Msgr. Makarewicz is pastor of Mary Immaculate Parish and the Mission of St. Rose of Lima in Novinger.

He pointed to three actions that will help people understand their own role as followers of Christ: gather, offer and sacrifice.

Farmers and ranchers gather in their harvests, hopefully aware that God is the ultimate source of everything they are reaping.

People who harvest without such an understanding hoard what they believe to be solely the work of their own hands.

But those who reverently encounter God as the source of all good things are motivated to offer thanks and praise and to make a substantial, sacrificial gift back to its source.

“The bread and the wine and the offering placed at the altar symbolize our willingness to offer ourselves to God,” said Msgr. Makarewicz.

“And we join our sacrifice — the sacrifices we make each day when we go out and gather our resources, the hard work we put in and the willing heart that we offer to God on the altar — we join that with Christ’s perfect sacrifice,” the priest continued.

“That is the greatest and holiest gift — that we give of ourselves completely and totally, without counting the cost,” he said. “Because that’s how Jesus gave Himself on the cross and gives Himself in the Eucharist.”

Likewise, “who we are gets placed on that altar and is lifted up with Christ,” Msgr. Makarewicz pointed out. “A portion of ourselves is transformed through the bread and the wine into the Body and Blood, Soul and Divinity of Jesus Christ!”

That sacrifice on the altar then nourishes God’s people as they await the coming of Christ in glory.

“And in this Eucharist, by participating in this sacrifice of Christ, we share in the divine life of God!” said Msgr. Makarewicz.

“The same reality”

Many parishes continue the centuries-old ritual of carrying the Most Blessed Sacrament in procession through neighborhoods on the Solemnity of Corpus Christi.

One of those parishes is St. Vincent de Paul of Pettis County.

“In a joyful procession with song, Jesus will be carried in a monstrance by the priest, with a canopy, candles and incense for reverence, with our recent First Communicants in a place of honor, and with many faithful following,” Father Dave Veit, one of the pastors in solidum of the parish, wrote to parishioners.

“We will show others, especially those who in our own time are plagued by doubt in the Real Presence, our steadfast and full belief in the Eucharist — an act that will at the same time glorify God and strengthen our own relationship with Him.”
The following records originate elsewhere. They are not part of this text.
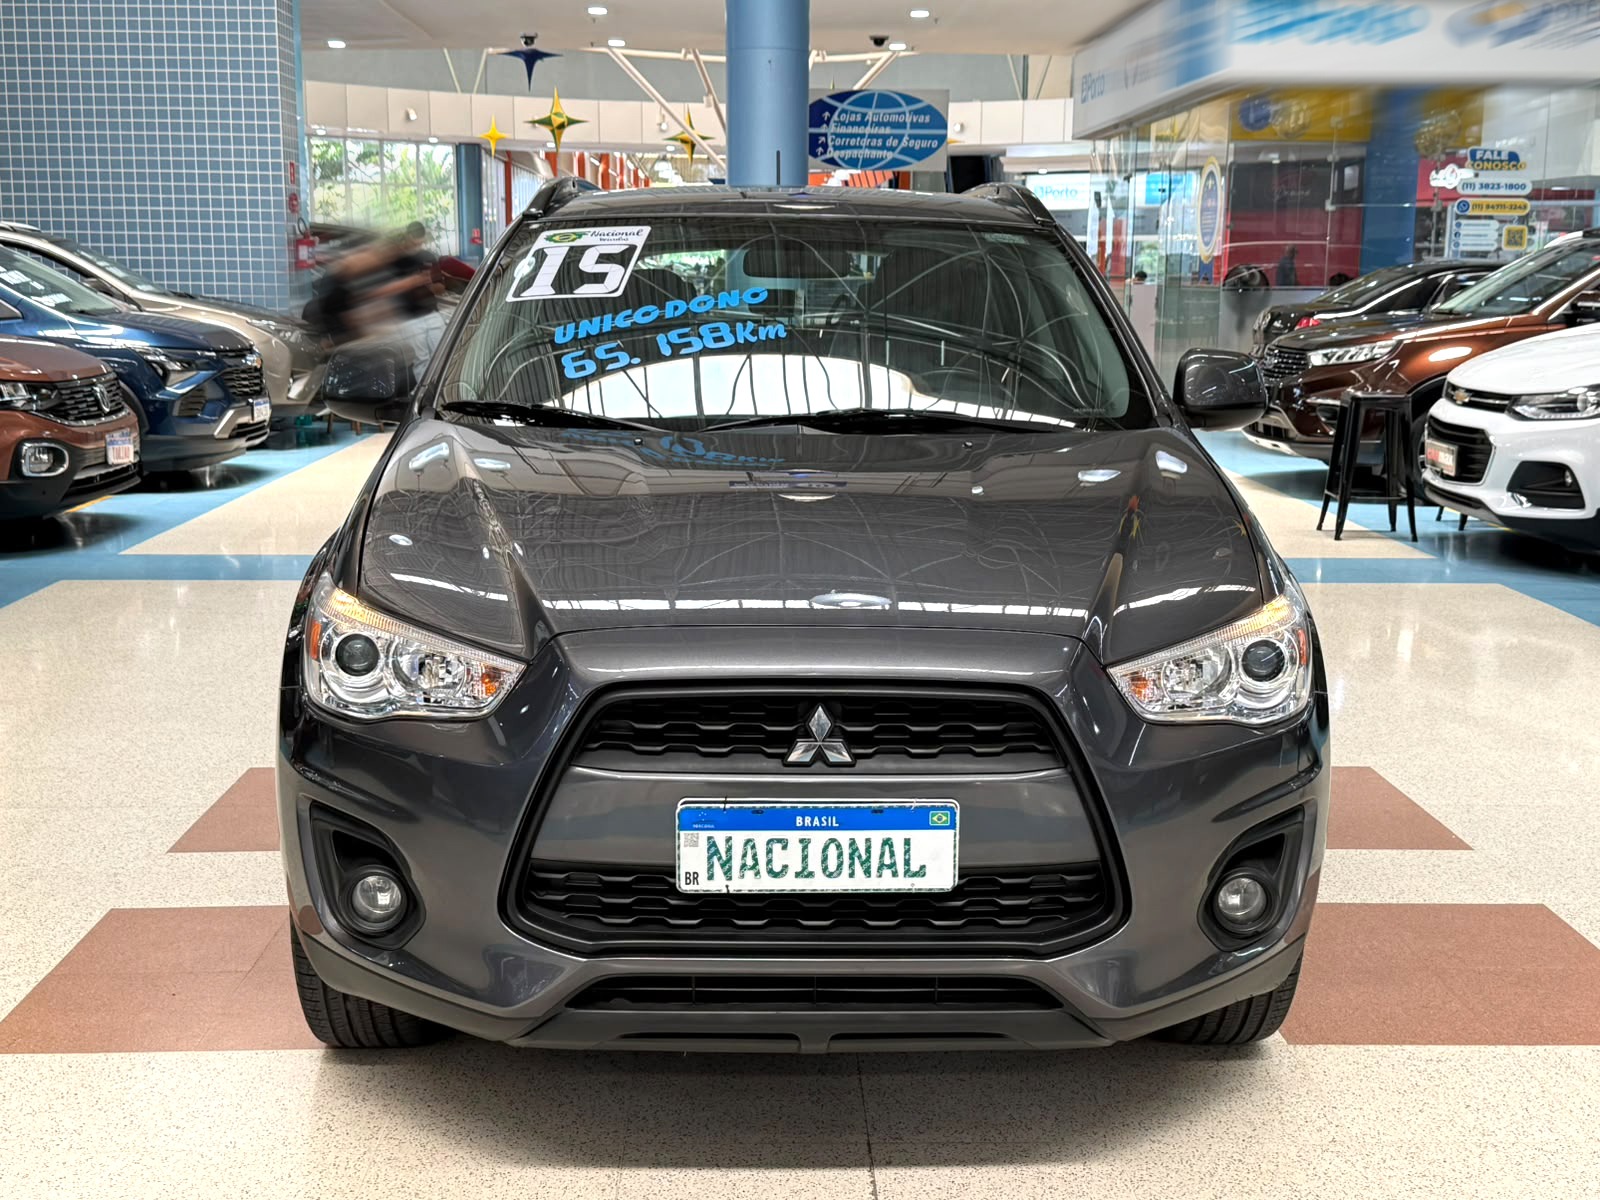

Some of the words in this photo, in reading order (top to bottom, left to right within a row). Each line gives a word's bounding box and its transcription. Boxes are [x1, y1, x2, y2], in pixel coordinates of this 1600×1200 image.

[833, 110, 862, 124] Lojas
[865, 111, 930, 123] Automotivas
[831, 122, 892, 134] Financeiras
[829, 135, 883, 147] Corretoras
[886, 136, 899, 147] de
[902, 137, 939, 149] Seguro
[826, 148, 893, 160] Despachante
[1465, 161, 1526, 170] CONOSCO
[1045, 185, 1078, 198] Porto
[590, 229, 644, 238] Nacional
[795, 815, 840, 828] BRASIL
[706, 836, 927, 881] NACIONAL
[684, 871, 700, 886] BR
Father Anthony Onyeihe, associate pastor of Immaculate Conception Parish in Jefferson City, wrote that in the feeding of the 5,000, Jesus takes ordinary bread and forges it into a source of unity.
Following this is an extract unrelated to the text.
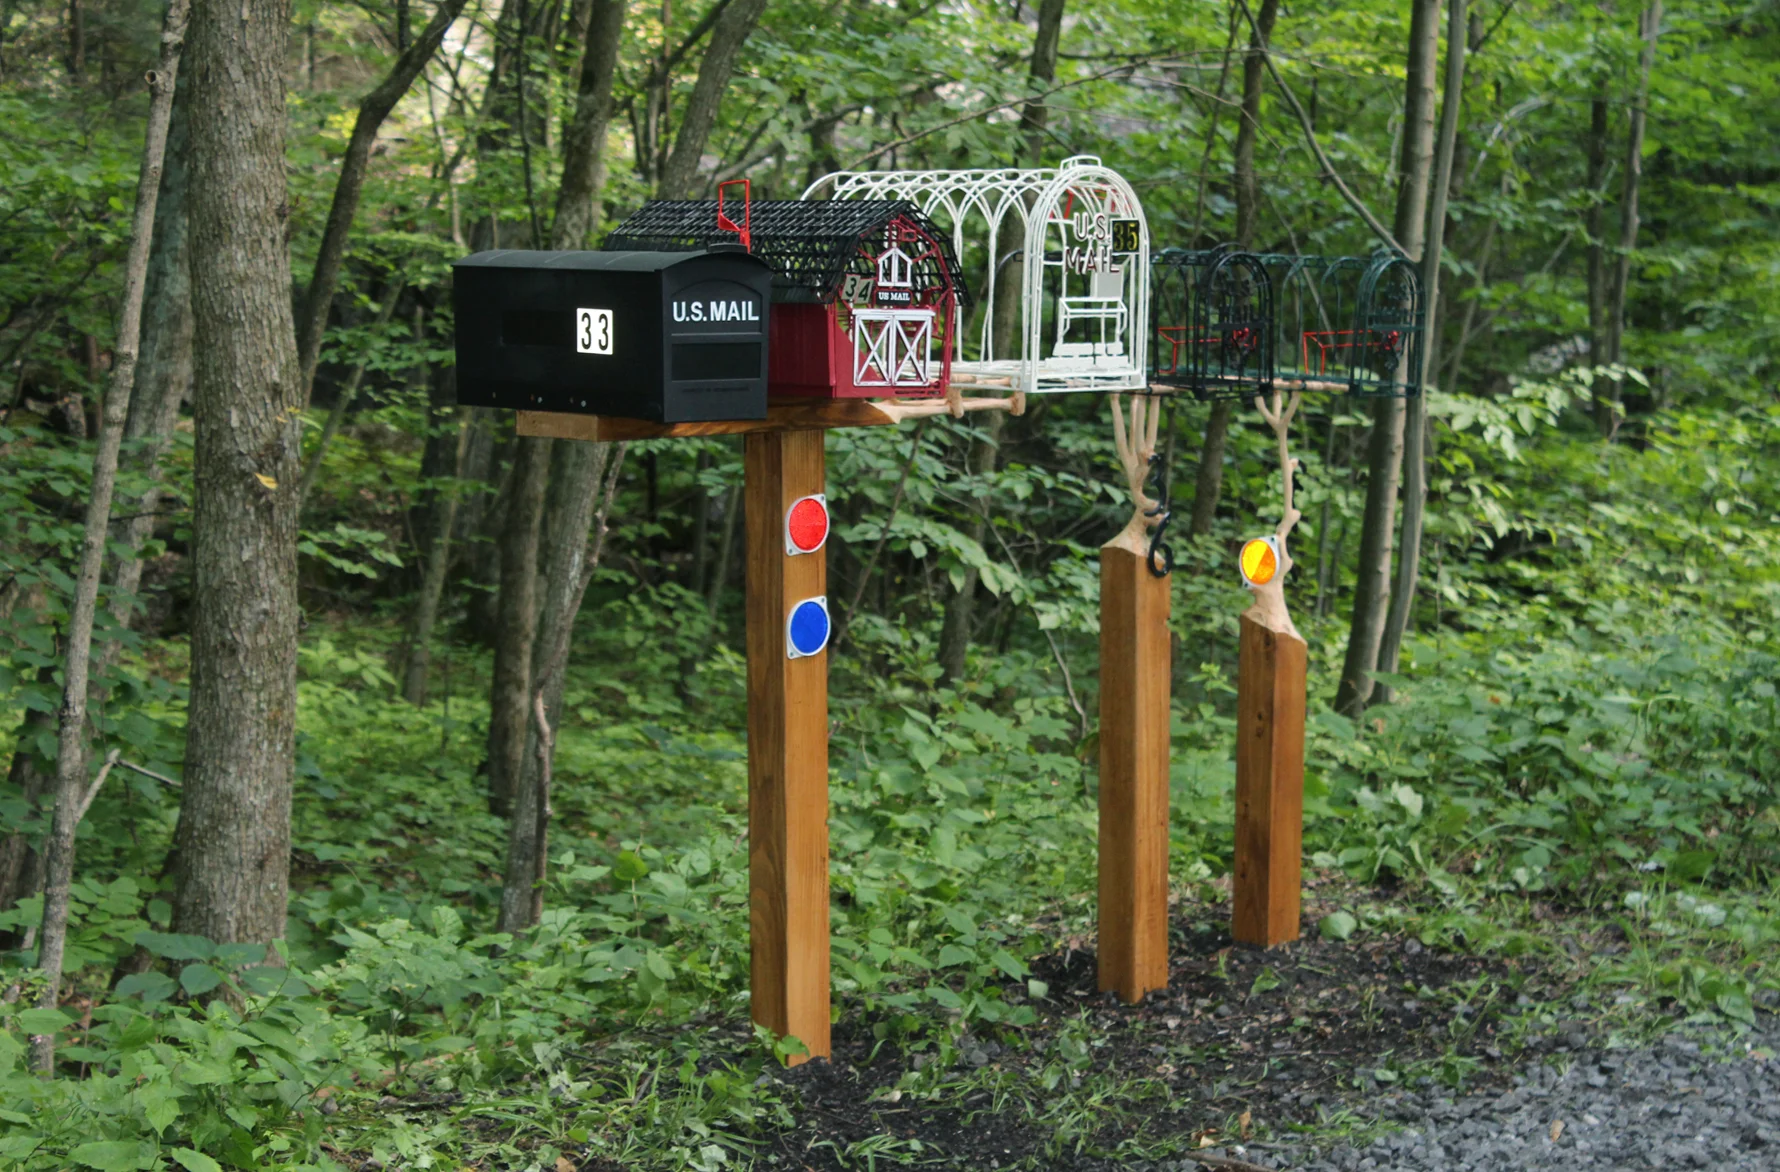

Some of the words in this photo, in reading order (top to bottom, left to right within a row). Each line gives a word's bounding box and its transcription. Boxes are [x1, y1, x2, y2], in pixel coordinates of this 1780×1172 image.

“This miracle tells us that the power of Jesus to nourish extends to every person and that Jesus unites all people as children of God,” he stated.
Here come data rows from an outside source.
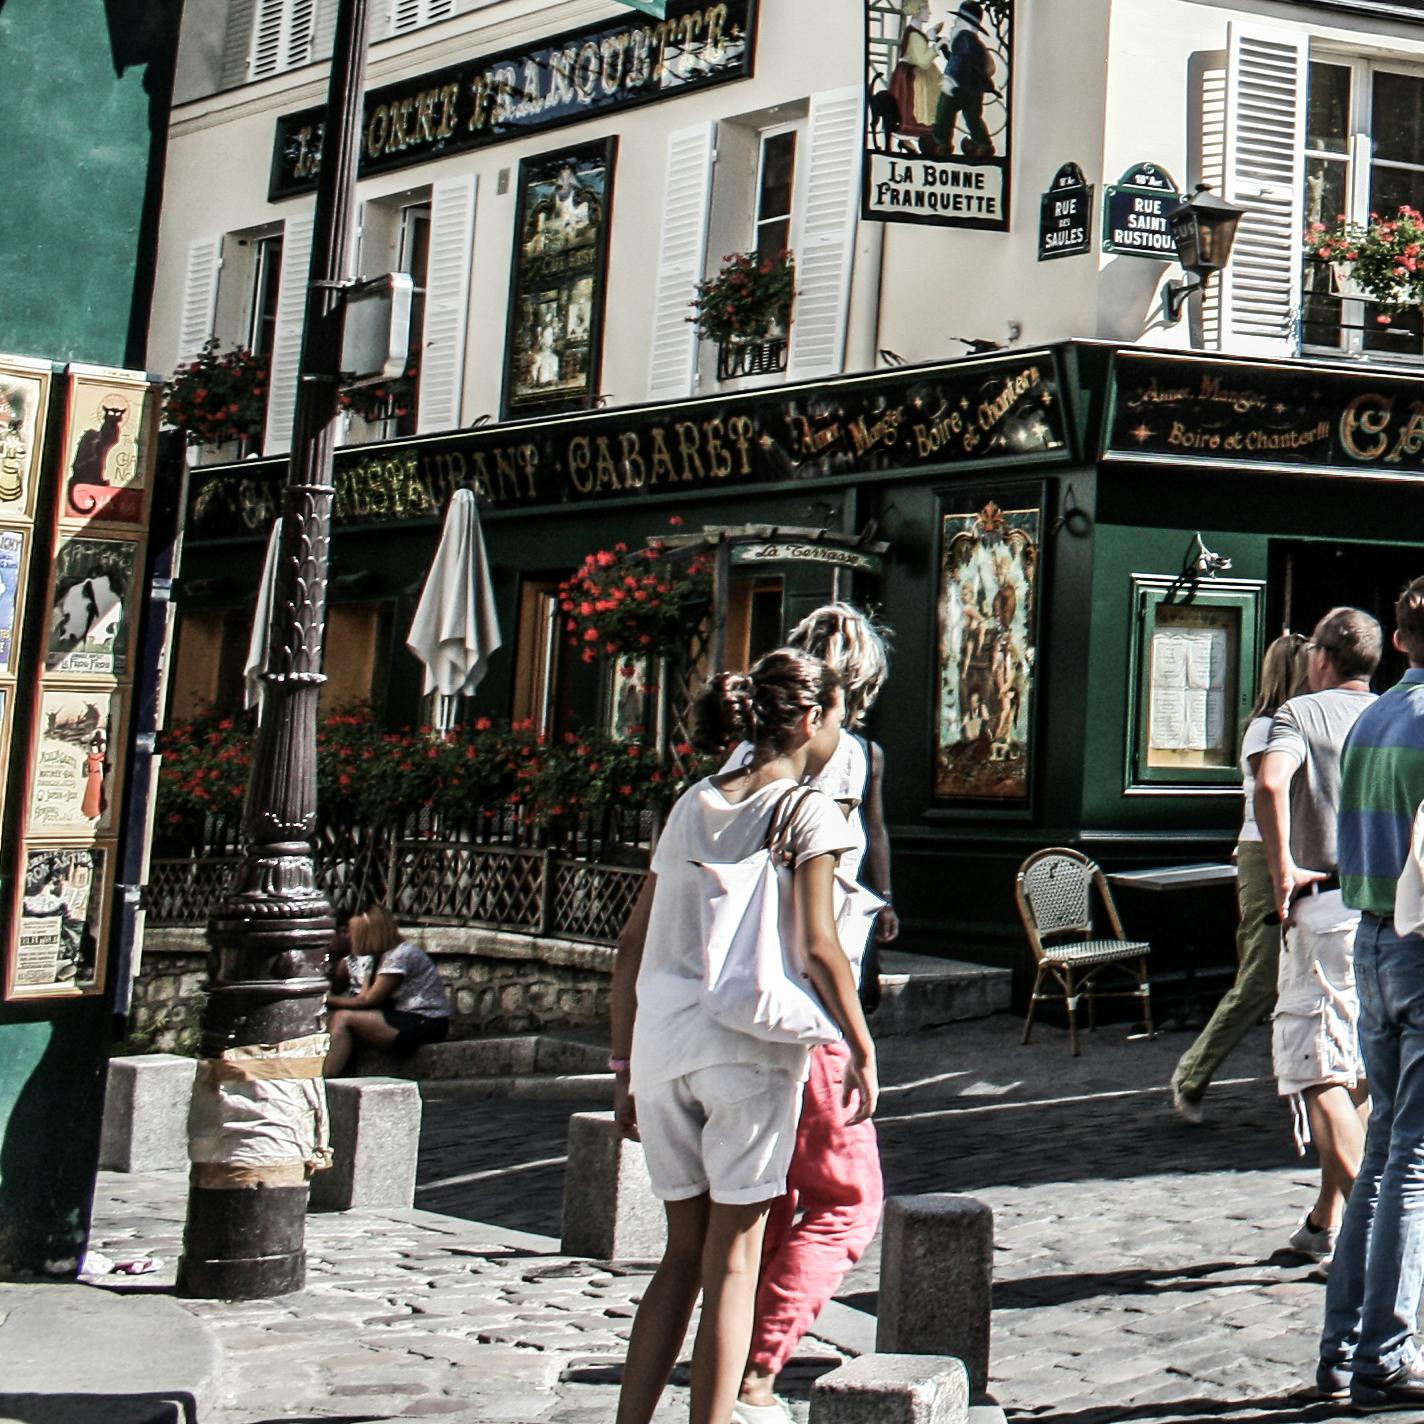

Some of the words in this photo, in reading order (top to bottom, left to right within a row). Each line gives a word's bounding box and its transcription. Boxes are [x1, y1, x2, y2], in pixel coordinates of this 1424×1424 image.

[367, 80, 461, 159] ONNE
[887, 161, 912, 184] LA
[922, 164, 985, 190] BONNE
[873, 182, 996, 214] FRANQUETTE
[1055, 198, 1077, 217] RUE
[1133, 197, 1162, 215] RUE
[1127, 214, 1168, 232] SAINT
[1045, 227, 1084, 249] SAULES
[1167, 420, 1221, 450] Boire
[567, 409, 756, 495] CABARET
[755, 542, 780, 559] La
The multiplication of loaves was a clear foreshadowing of a much greater gift that was to come.

“The bread of the Eucharist, which is the true Body and Blood of Christ, nourishes and brings us together,” Fr. Onyeihe wrote.

“Each time we come to receive the Bread of the Eucharist, we receive nourishment from Christ,” he stated. “The Bread, which is the true presence of Christ, strengthens us so that we can avoid sin, face disappointments and sickness, and overcome sadness and despair.”

Father Leonard Mukiibi, pastor of St. Thomas the Apostle Parish in St. Thomas and St. Cecilia Parish in Meta, wrote that “Corpus Christi is not a remembrance of a past event but a participation, of being present, making present Jesus’s death on the cross and all that it means in this moment and place for us.

“We are just as present at the Last Supper and on Calvary as were the Apostles and the women — different times and different people but the same reality — the same offering of Jesus to the Father for our salvation,” the priest wrote.

“To do this in remembrance of Jesus is not reenacting but making present the same event which will always be a present event because Jesus is the same yesterday, today and forever,” Fr. Mukiibi stated.